First up was the Fast Forward 2030: The Future of Work and the Workplace report from CBRE and Genesis, which was less about how work will look in 15 years time as what kind of workplace Millennials would love to have right now.

We then had New Ways of Working from the Virgin backed B Team, which looked at some of the things driving the change in our workplace.

We’ve even had the recent launch of the crowdsourced Workplace Conversation, which is a project supported by a number of UK professional bodies, which was followed closely by a paper from The Hamilton Project, which looked at the topic from a macroeconomic perspective.

A Busy Landscape

As you can see, it’s a pretty busy environment, but one thing that broadly unites all of these efforts is that they focus primarily on how they believe things will be.

Whilst the latest report from the Institute for Corporate Productivity (i4cp) certainly has that aspect to it, it also has some valuable steps that HR departments can take right now to adapt to the changing nature of work.

The report, which was led by John Boudreau, author of Lead the Work: Navigating a World Beyond Employment, interviewed executives from over 80 large companies, with the overwhelming consensus that their skilled workforce would increasingly be employed in less traditional ways than ever before.

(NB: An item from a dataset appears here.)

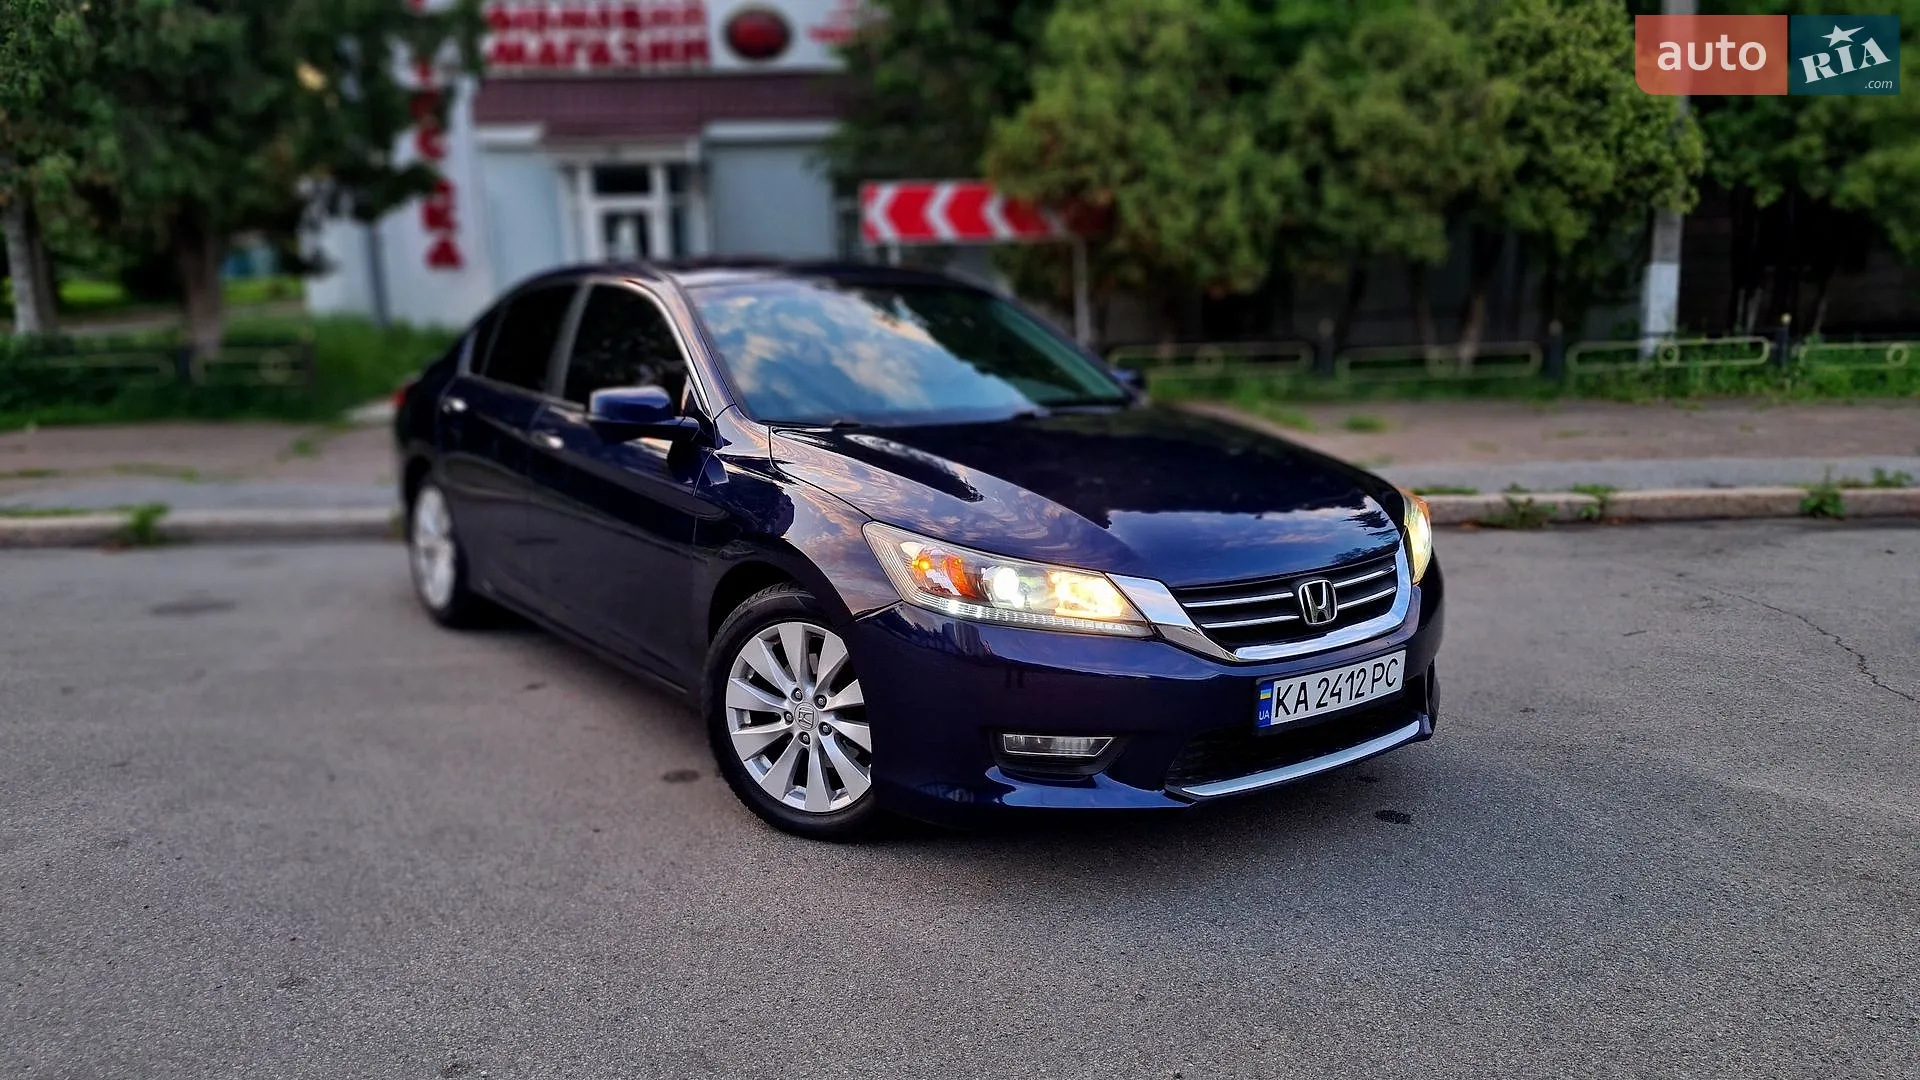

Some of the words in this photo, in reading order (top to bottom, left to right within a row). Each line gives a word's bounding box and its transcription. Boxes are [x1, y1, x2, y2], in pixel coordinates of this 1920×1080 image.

“Clearly, Uber epitomizes the growing non-traditional labor force, as well as changing ideas and attitudes about both the implicit and explicit employer-employee contract. This evolution—one rooted in accelerating worker demand for control and flexibility—affects many companies across a diverse set of industries and business models,” said Kevin Oakes, CEO at i4cp. “We believe this will increasingly become a greater factor in any organization’s ability to attract and retain talent, as well as achieve productivity gains.”

Where to Go Next

The report identifies four key areas to consider:

  1. Culture – I’ve written previously about the significant shift in culture that can be forced when large chunks of the workforce work remotely, but the report reminds us that similar shifts can occur when large chunks of the workforce are flexible.  Of course, this can have positive benefits in terms of greater thought diversity, but it’s an issue to beware of.
  2. Career development – It’s inevitable that traditional notions and tools for career development will undergo some changes as the workforce becomes more flexible.  There is also likely to be a significant change to how employees learn and develop the skills required to remain useful in the labor market.
  3. Changing communication – As the workforce changes, the skills required of managers will also shift, with a greater emphasis on managing uncertainty and complexity likely.  This will necessitate greater collaboration skills of managers as well as employees.
  4. A global talent pool – The multitude of talent marketplaces have changed how we perceive recruitment, opening up a vast pool of potential talent to call upon.  It will be vital that managers are aware of these platforms, and adept at using them to source the best talent they can.

Overall it’s a fine report as it doesn’t get carried away at looking at how work might look in 20 years time, but instead focuses on some of the changes we’re seeing right now and how managers might respond to those changes.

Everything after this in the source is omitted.